Jeder Gedanke, jede Erinnerung, jedes Gefühl und jede Entscheidung, die Sie treffen, werden durch dieses Ding gefiltert, das wir Gehirn nennen. Wenn man die Chemie und Physiologie unseres Gehirns verändert, hat das Auswirkungen auf unsere Fähigkeit zu denken. Wenn ich zum Beispiel nur ein wenig dehydriert bin, kann das meine Aufmerksamkeitsspanne, mein Gedächtnis und meine Fähigkeit, klar zu denken, dramatisch verschlechtern. Und viele von uns wissen, dass der morgendliche Koffeinschub wichtig ist, um unsere Denkprozesse zu Beginn eines neuen Tages in Gang zu setzen.

Wir wissen heute aber auch, dass Veränderungen in unserem Denken auch Auswirkungen auf das Gehirn selbst haben.
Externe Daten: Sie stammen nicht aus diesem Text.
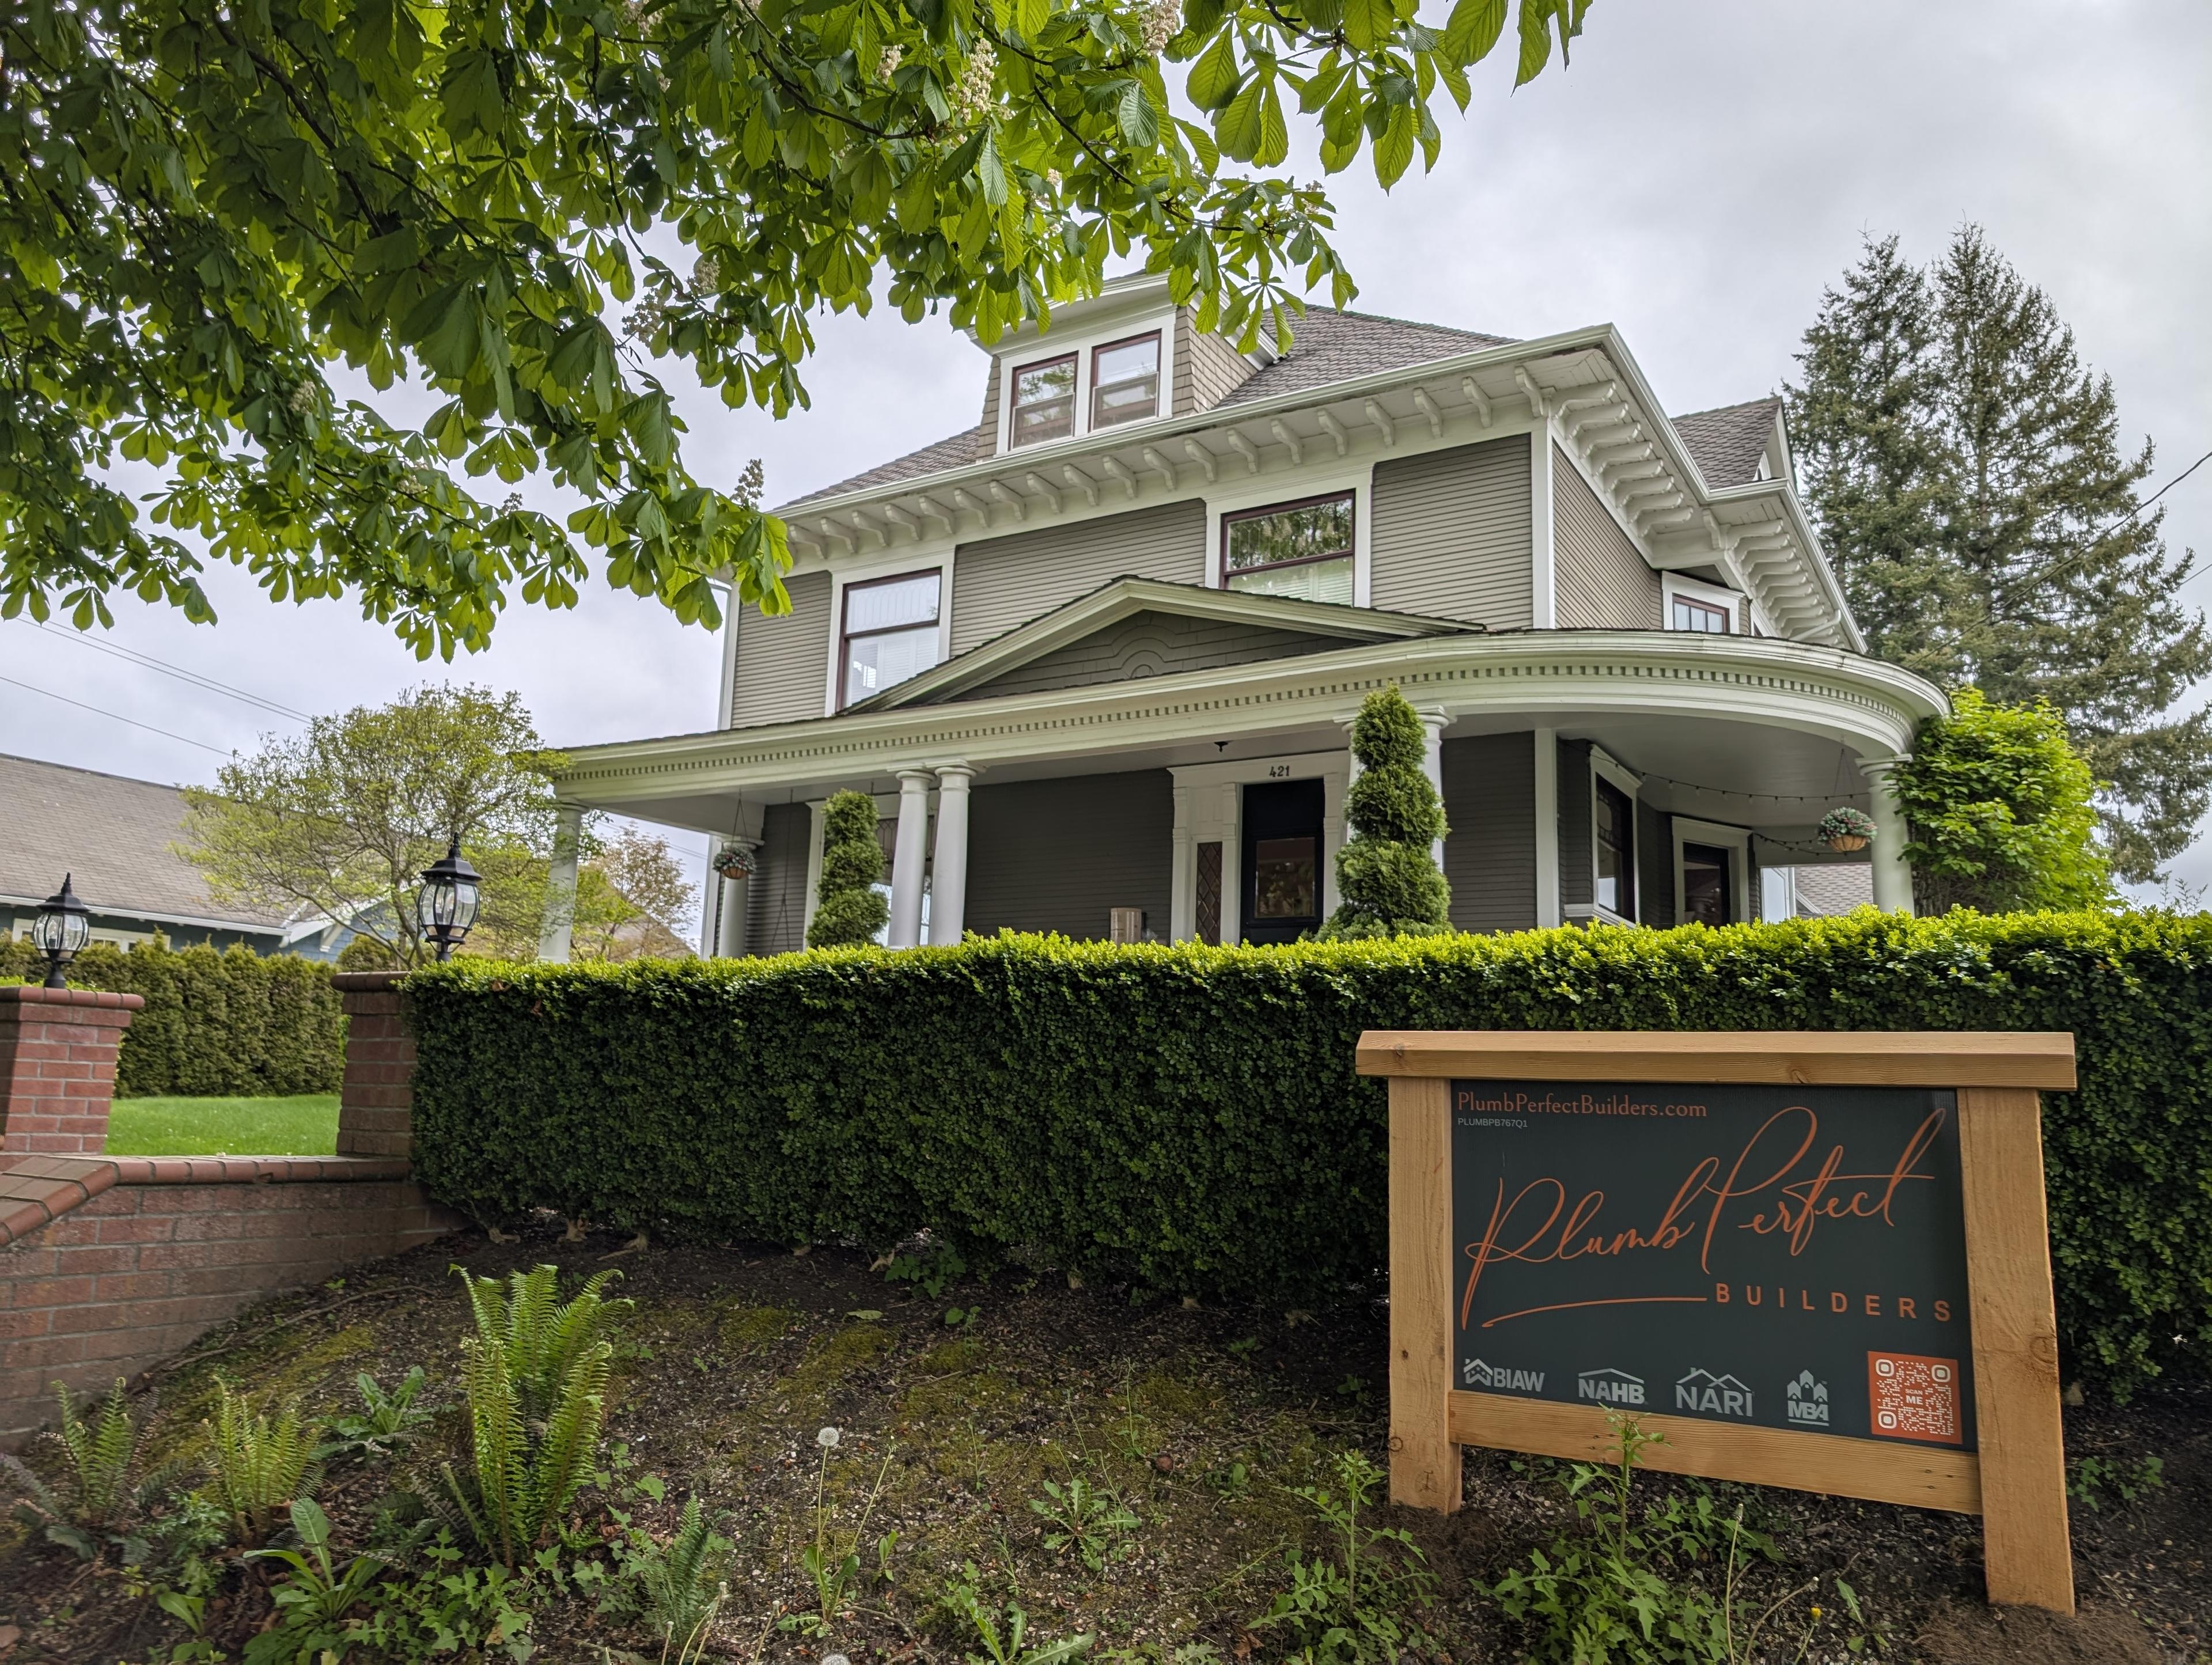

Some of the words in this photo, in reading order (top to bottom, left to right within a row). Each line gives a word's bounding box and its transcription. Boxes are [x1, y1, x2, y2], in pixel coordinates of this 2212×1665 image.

[1269, 765, 1290, 777] 421
[1457, 1092, 1707, 1117] PlumbPerfectBuilders.com
[1457, 1117, 1528, 1128] PLUMBPB767Q1
[1462, 1156, 1719, 1330] Plumb
[1702, 1106, 1946, 1275] Perfect
[1716, 1283, 1952, 1322] BUILDERS
[1494, 1367, 1545, 1392] BIAW
[1578, 1379, 1645, 1404] NAHB
[1675, 1385, 1753, 1417] NARI
[1787, 1400, 1830, 1421] MBA
[1906, 1395, 1923, 1405] ME
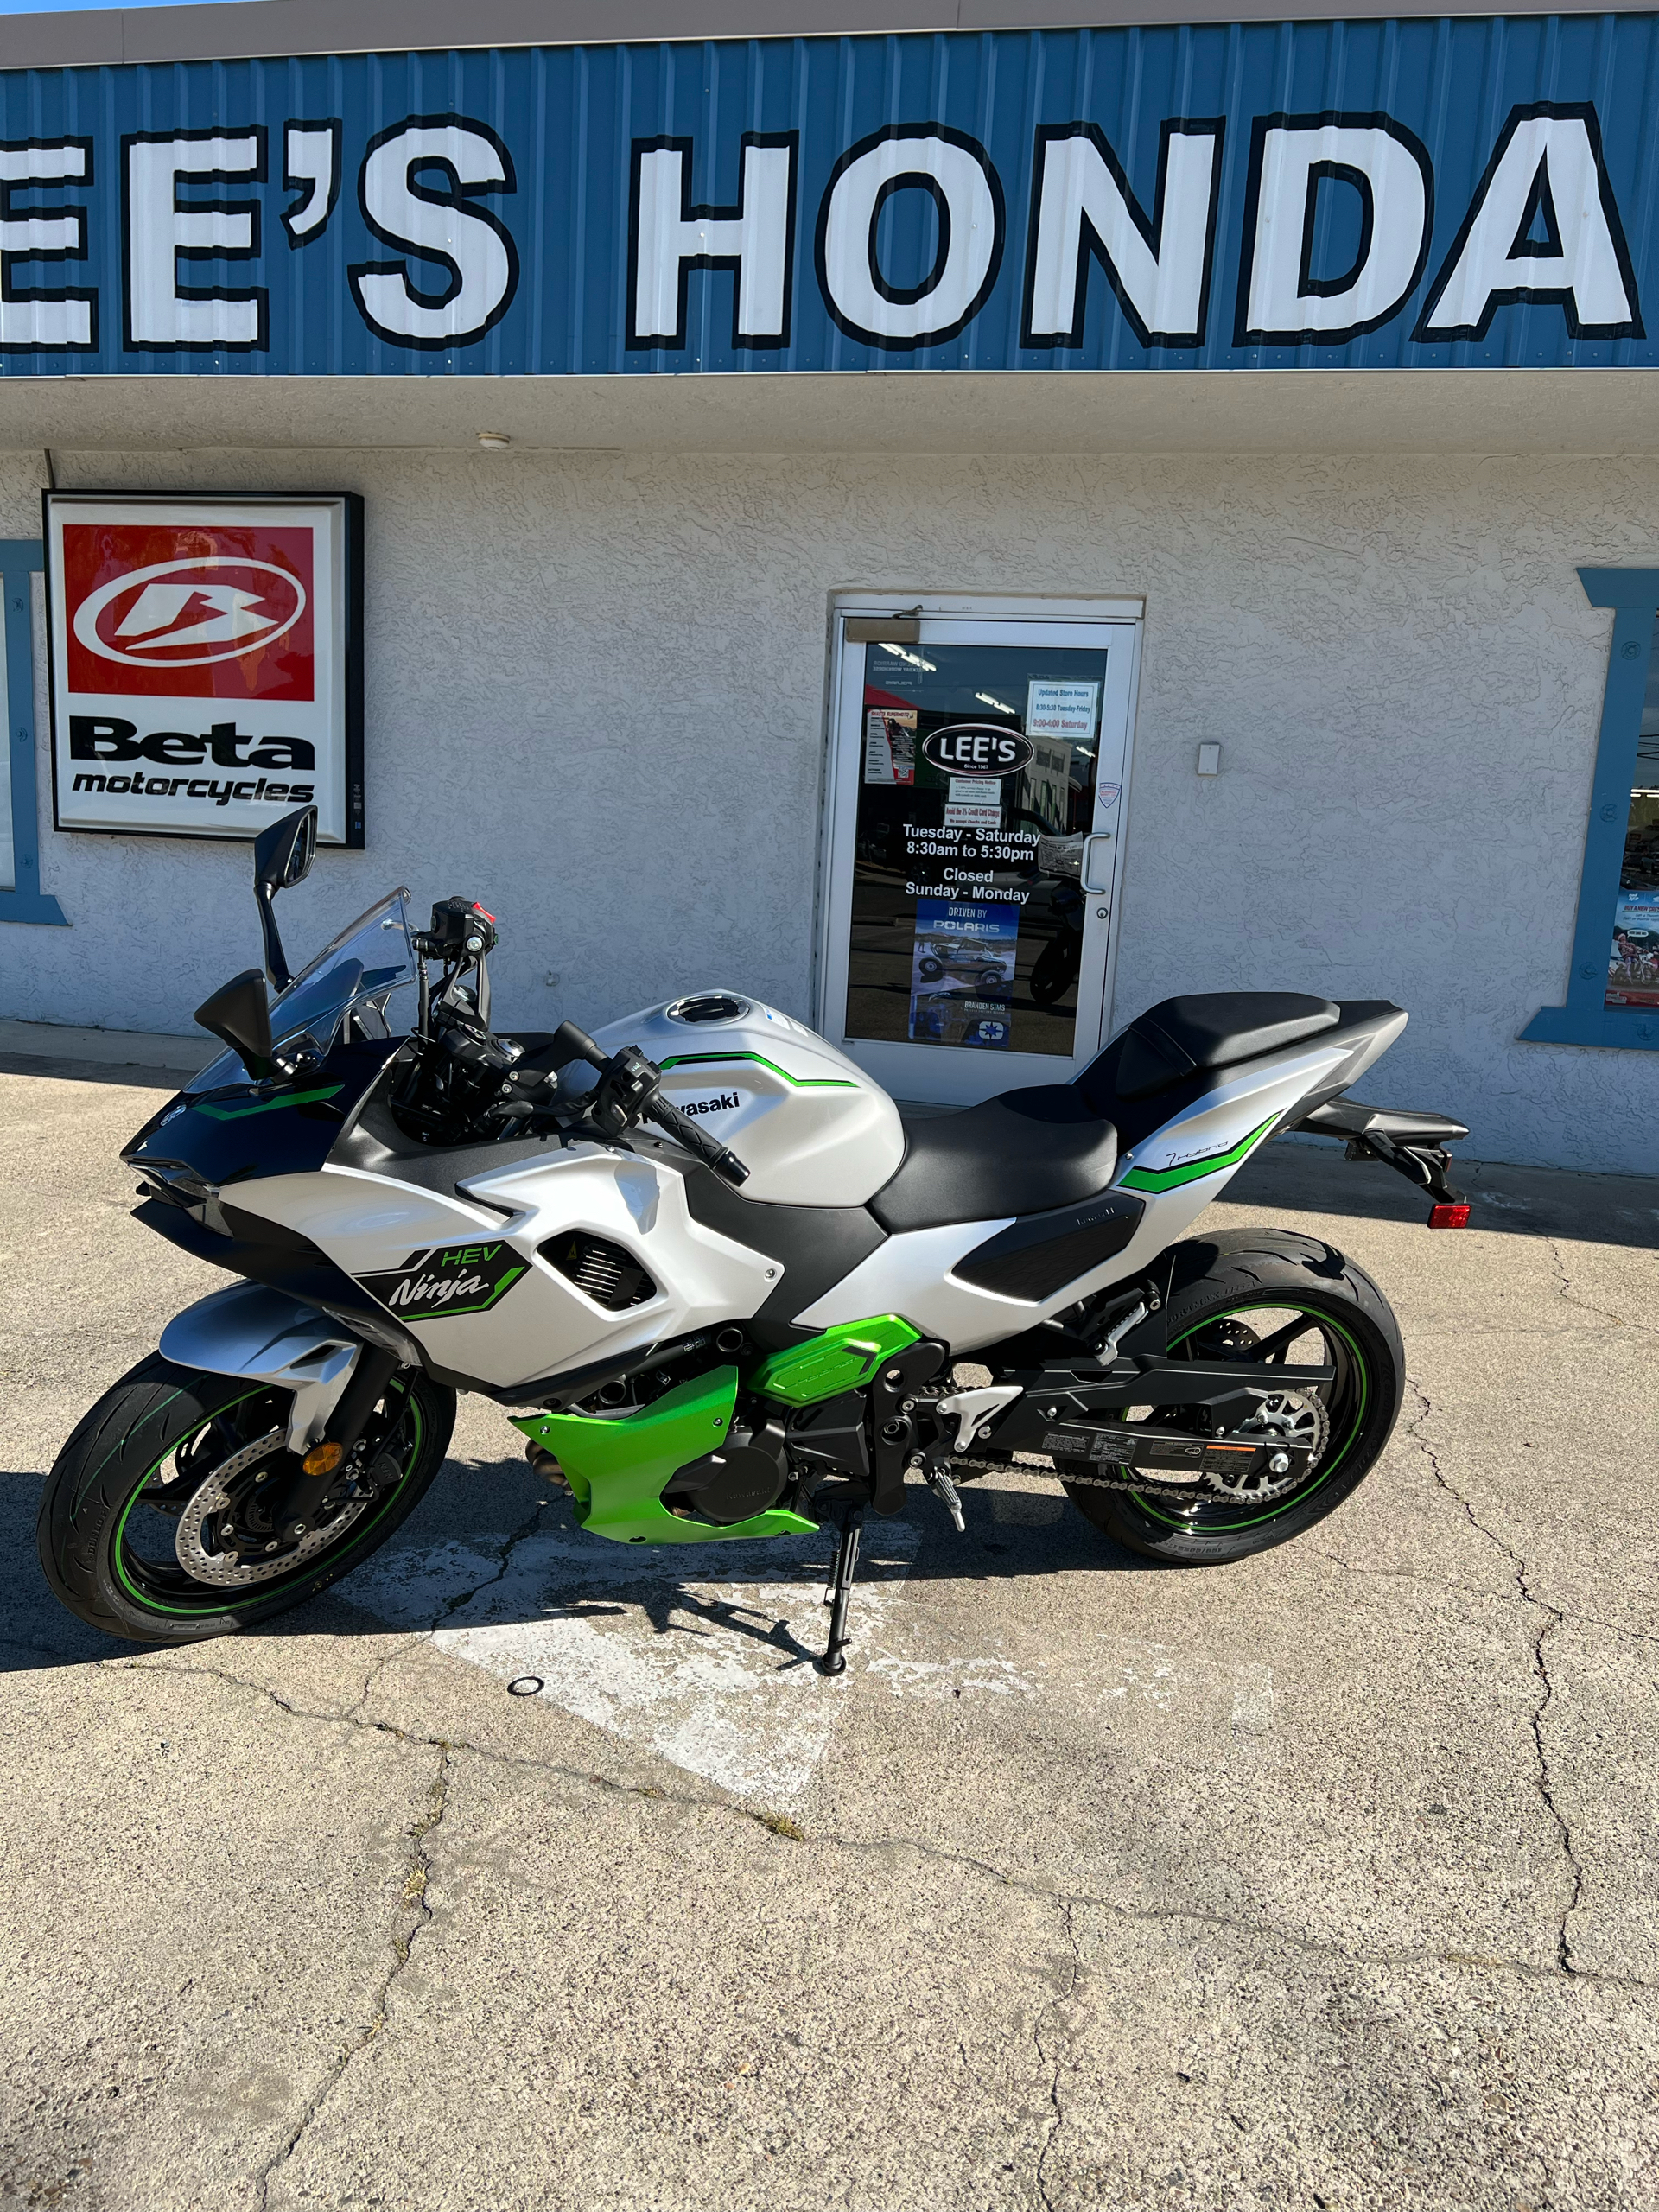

Früher glaubten Wissenschaftler, dass das Gehirn sich nicht verändern lasse, doch heute weiß man, dass es unglaublich »plastisch« ist in dem Sinne, dass es sich laufend verändert und im Laufe eines Menschenlebens neue Verbindungen und Wege schafft. Veränderungen im Gehirn beeinflussen unser Denken. Aber unser Denken, unser Lebensstil und unsere Gewohnheiten prägen auch die Art und Weise, wie unser Gehirn wächst und sich entwickelt.